##### SUPPLIED ENTRIES #####
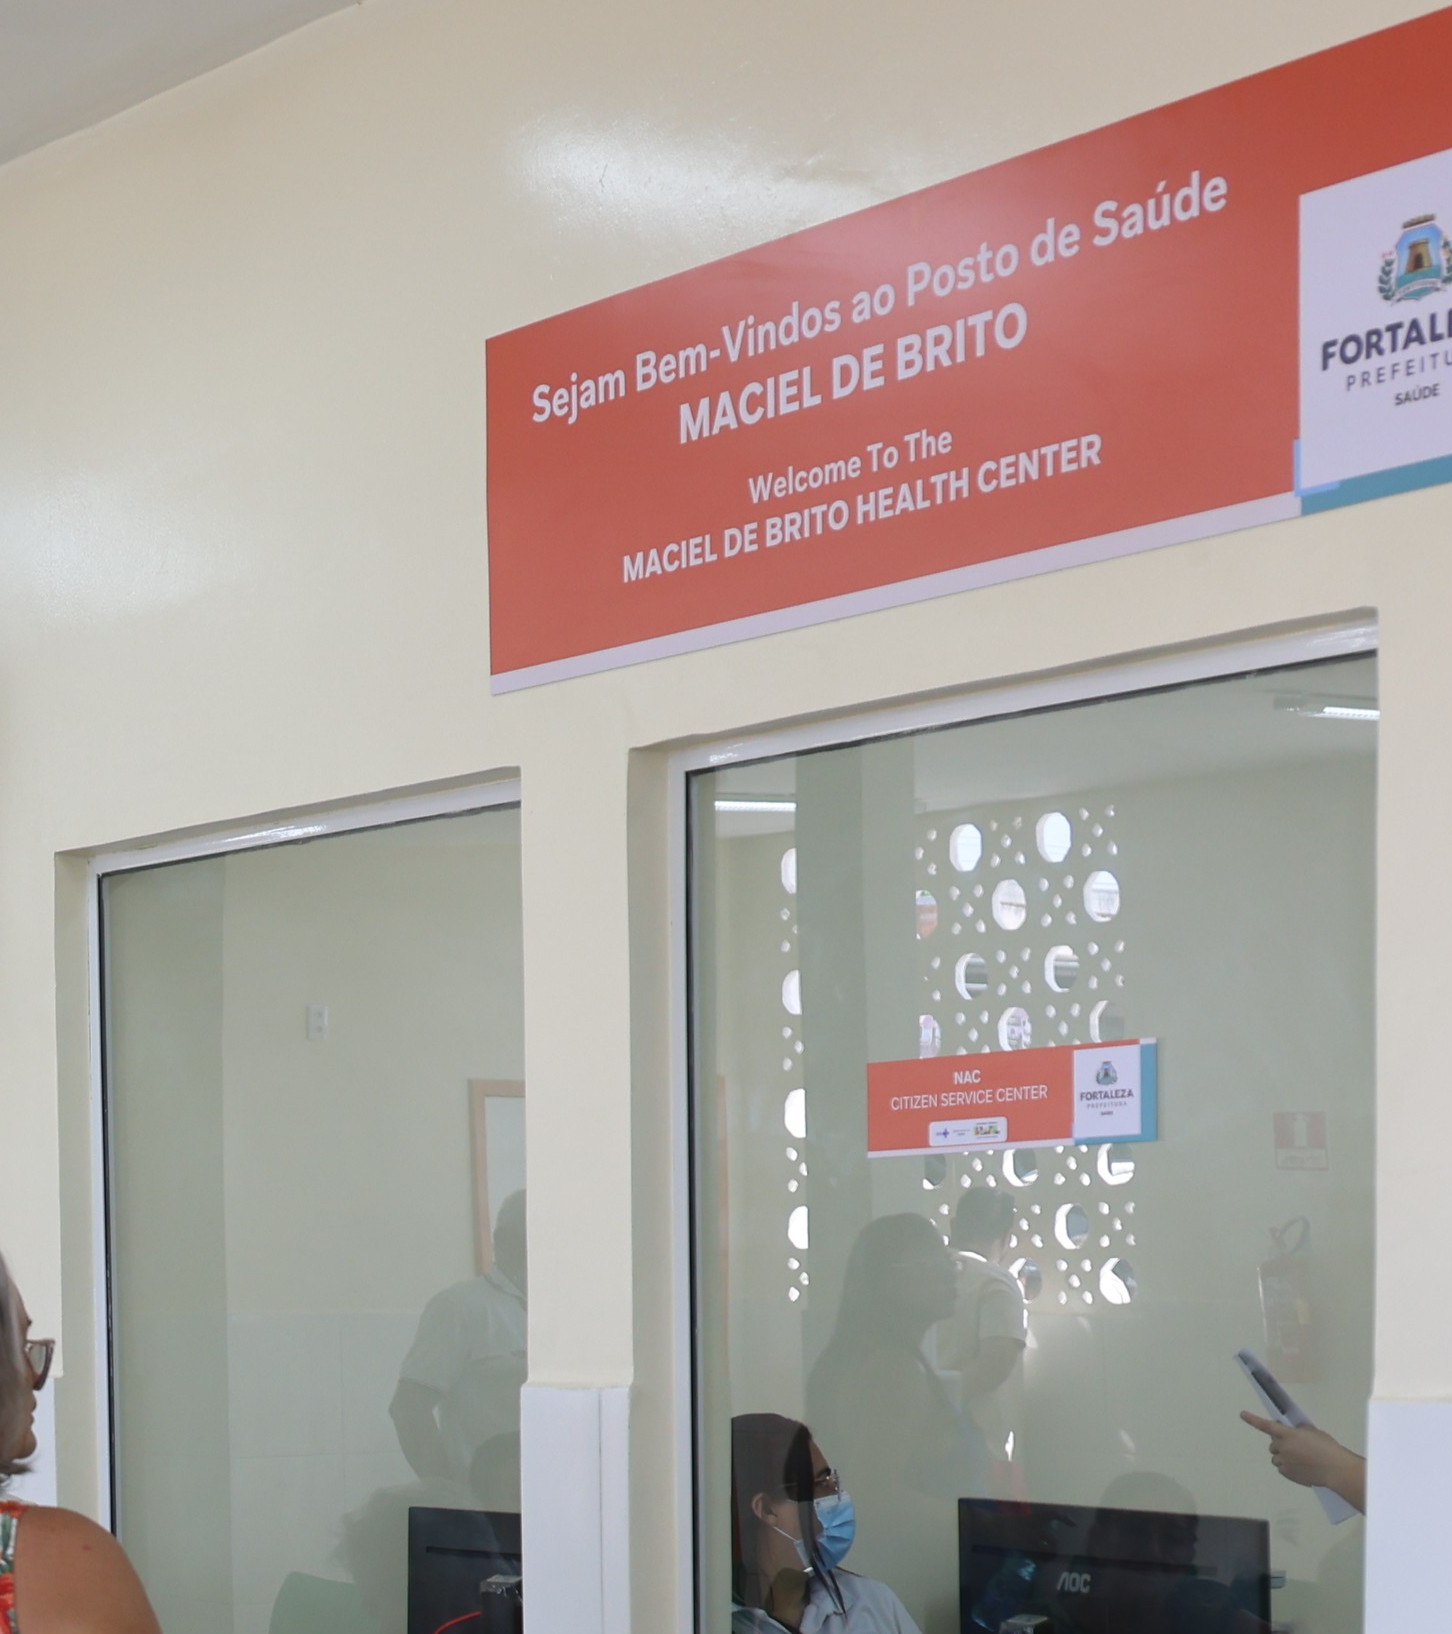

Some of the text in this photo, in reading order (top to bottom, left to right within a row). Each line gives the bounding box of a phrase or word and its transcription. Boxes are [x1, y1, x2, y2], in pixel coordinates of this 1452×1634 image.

[531, 169, 1229, 424] Sejam Bem-Vindos ao Posto de Saúde
[679, 301, 1028, 445] MACIEL DE BRITO
[1394, 382, 1441, 407] SAÚDE
[748, 428, 953, 504] Welcome To The
[622, 433, 1102, 584] MACIEL DE BRITO HEALTH CENTER
[954, 1069, 981, 1085] NAC
[891, 1084, 1049, 1111] CITIZEN SERVICE CENTER
[1080, 1089, 1135, 1102] FORTALEZA
[1056, 1571, 1091, 1593] AOC
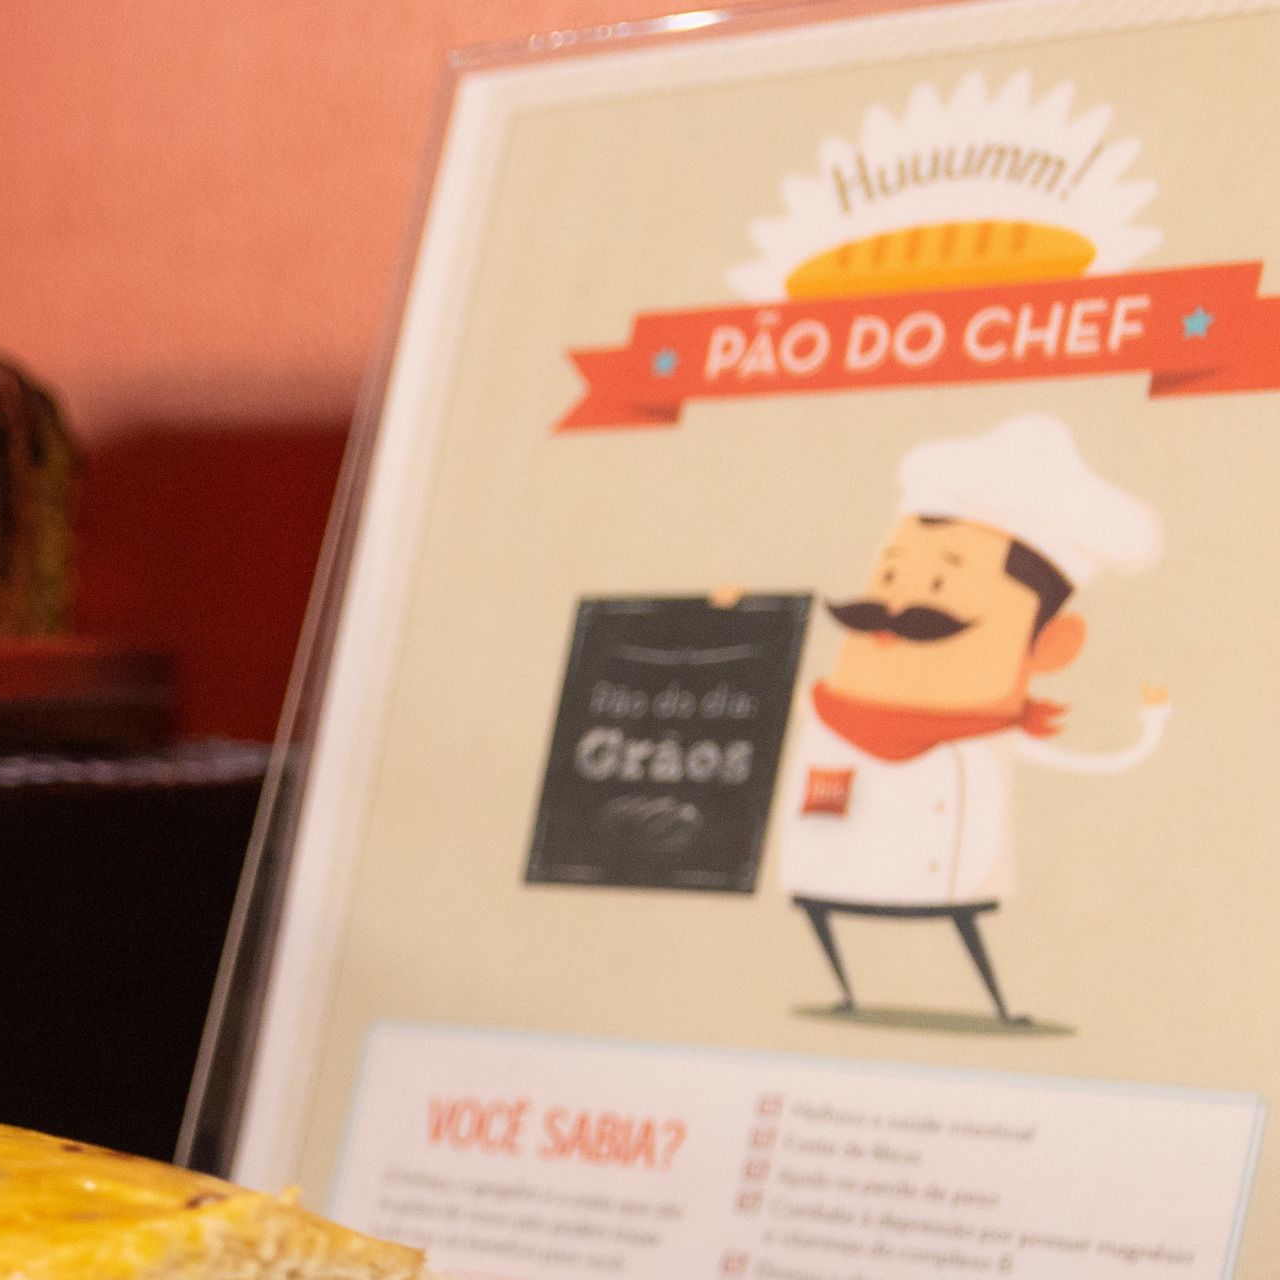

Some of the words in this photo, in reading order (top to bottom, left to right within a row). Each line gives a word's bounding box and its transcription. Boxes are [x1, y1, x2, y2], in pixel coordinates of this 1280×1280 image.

[832, 139, 1103, 214] Huuumm!
[705, 310, 830, 381] PÃO
[845, 311, 944, 371] DO
[964, 296, 1151, 362] CHEF
[591, 682, 647, 718] Pão
[652, 682, 695, 718] do
[575, 728, 754, 783] Grãos
[427, 1094, 531, 1157] VOCÊ
[537, 1105, 688, 1171] SABIA?
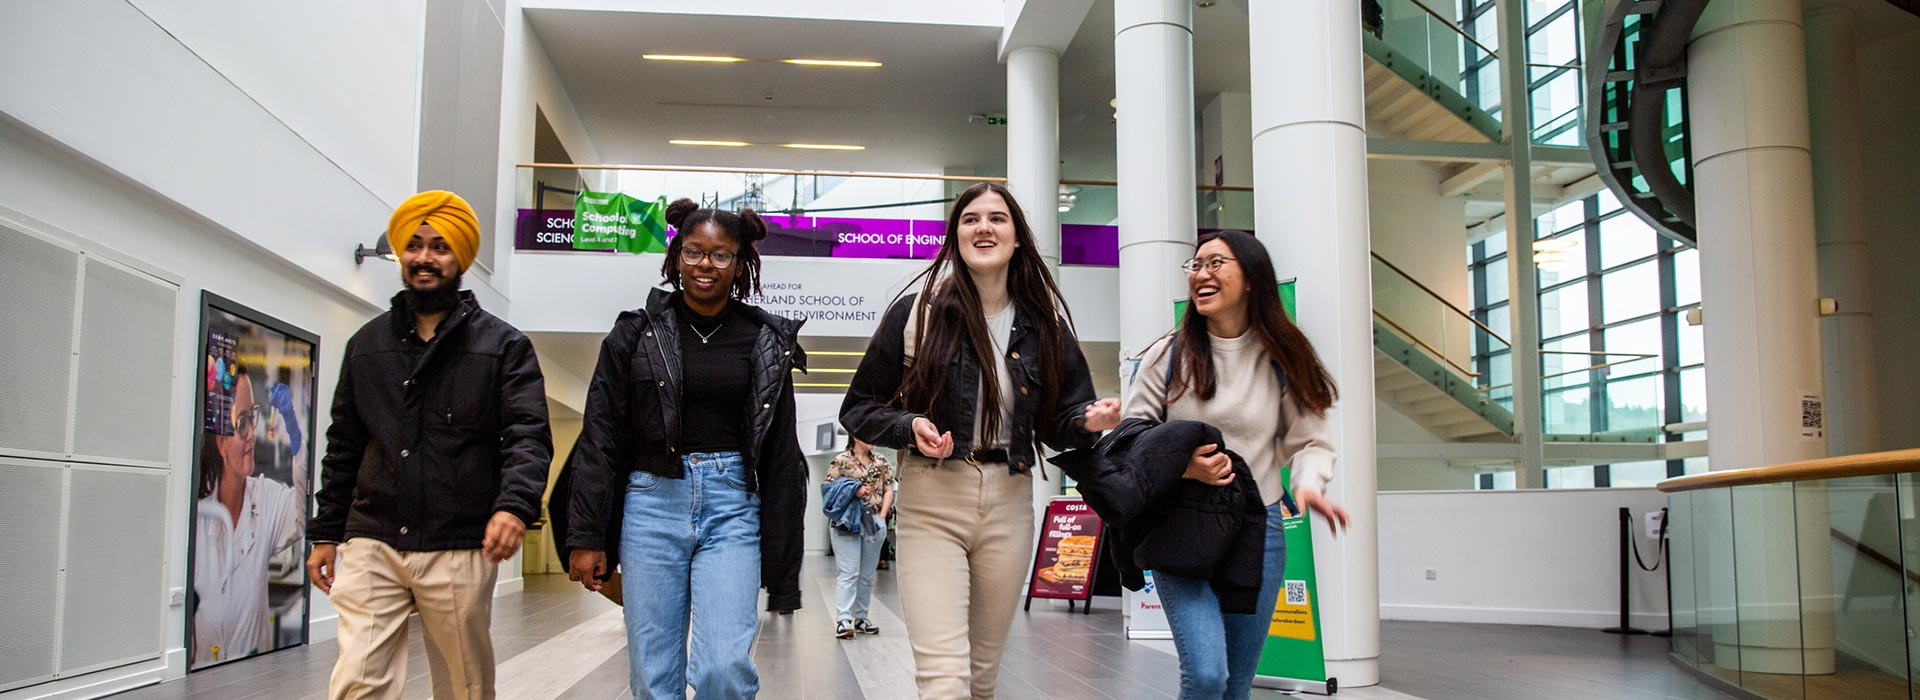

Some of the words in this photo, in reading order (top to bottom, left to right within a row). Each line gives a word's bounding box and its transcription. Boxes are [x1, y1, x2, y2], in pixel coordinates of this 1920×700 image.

[582, 211, 619, 222] School
[838, 232, 885, 244] SCHOOL
[887, 233, 903, 244] OF
[799, 295, 846, 306] SCHOOL
[848, 296, 864, 306] OF
[793, 311, 876, 321] ENVIRONMENT
[1065, 504, 1087, 512] COSTA
[1053, 515, 1067, 523] Full
[1067, 515, 1077, 523] of
[1058, 523, 1082, 531] full-on
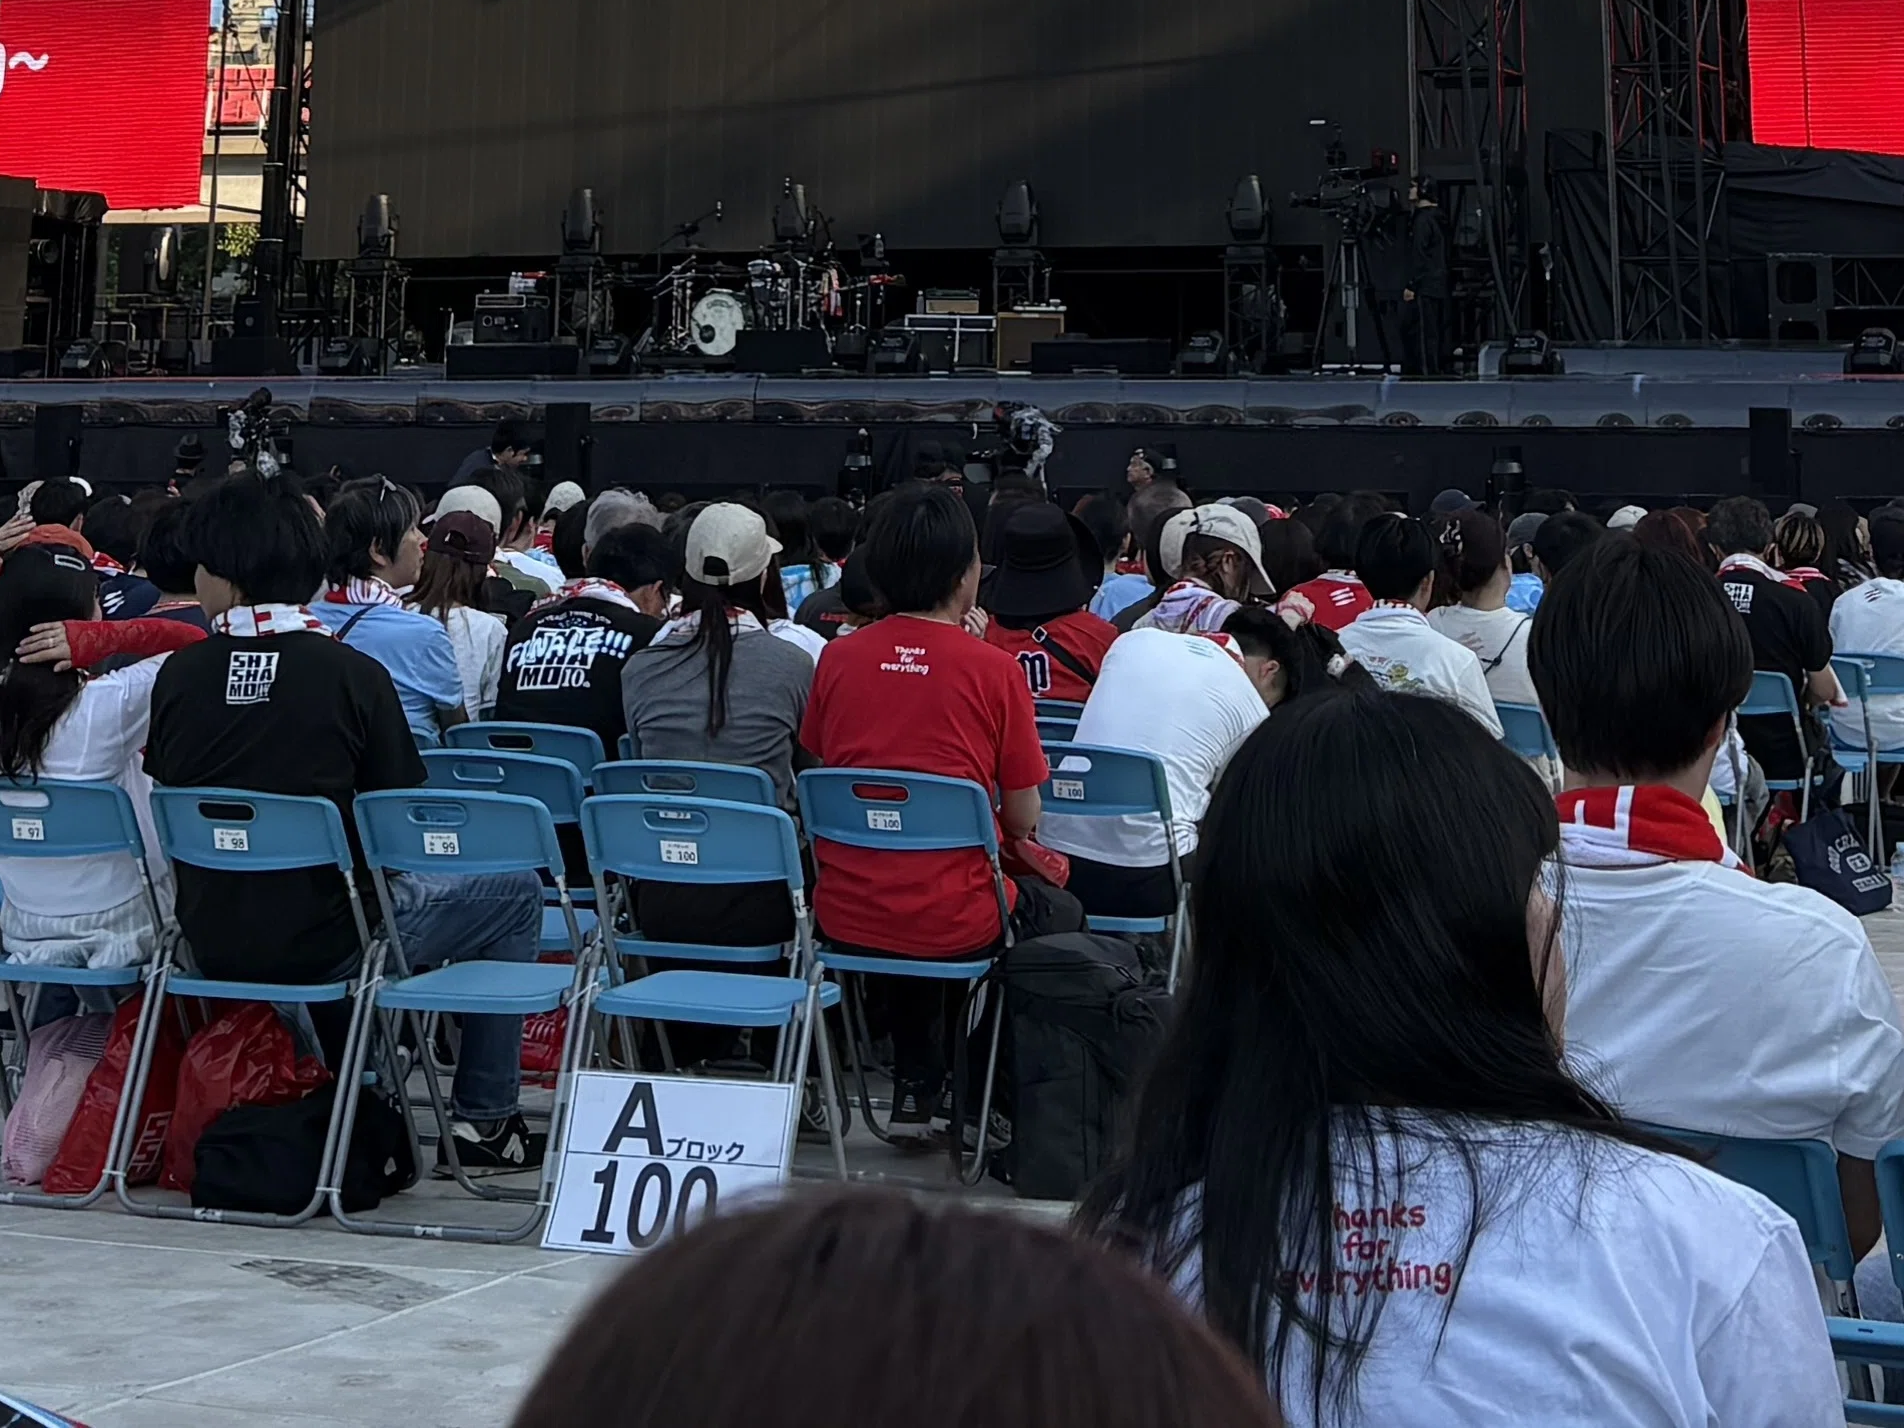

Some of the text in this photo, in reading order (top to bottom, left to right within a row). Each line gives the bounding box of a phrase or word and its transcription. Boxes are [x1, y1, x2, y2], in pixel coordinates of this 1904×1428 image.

[231, 837, 245, 849] 98
[441, 842, 456, 853] 99
[677, 851, 696, 862] 100
[580, 1160, 718, 1249] 100
[1330, 1202, 1427, 1231] hanks
[1342, 1231, 1392, 1262] for
#####
**PROBLEM TO WORK ON**
All that is wanted is the lines from the one containing "this 1904×1428 image." through the last line of the records, restated word for word.

**REPLY TO THE EXERCISE**
Some of the text in this photo, in reading order (top to bottom, left to right within a row). Each line gives the bounding box of a phrase or word and its transcription. Boxes are [x1, y1, x2, y2], in pixel coordinates of this 1904×1428 image.

[231, 837, 245, 849] 98
[441, 842, 456, 853] 99
[677, 851, 696, 862] 100
[580, 1160, 718, 1249] 100
[1330, 1202, 1427, 1231] hanks
[1342, 1231, 1392, 1262] for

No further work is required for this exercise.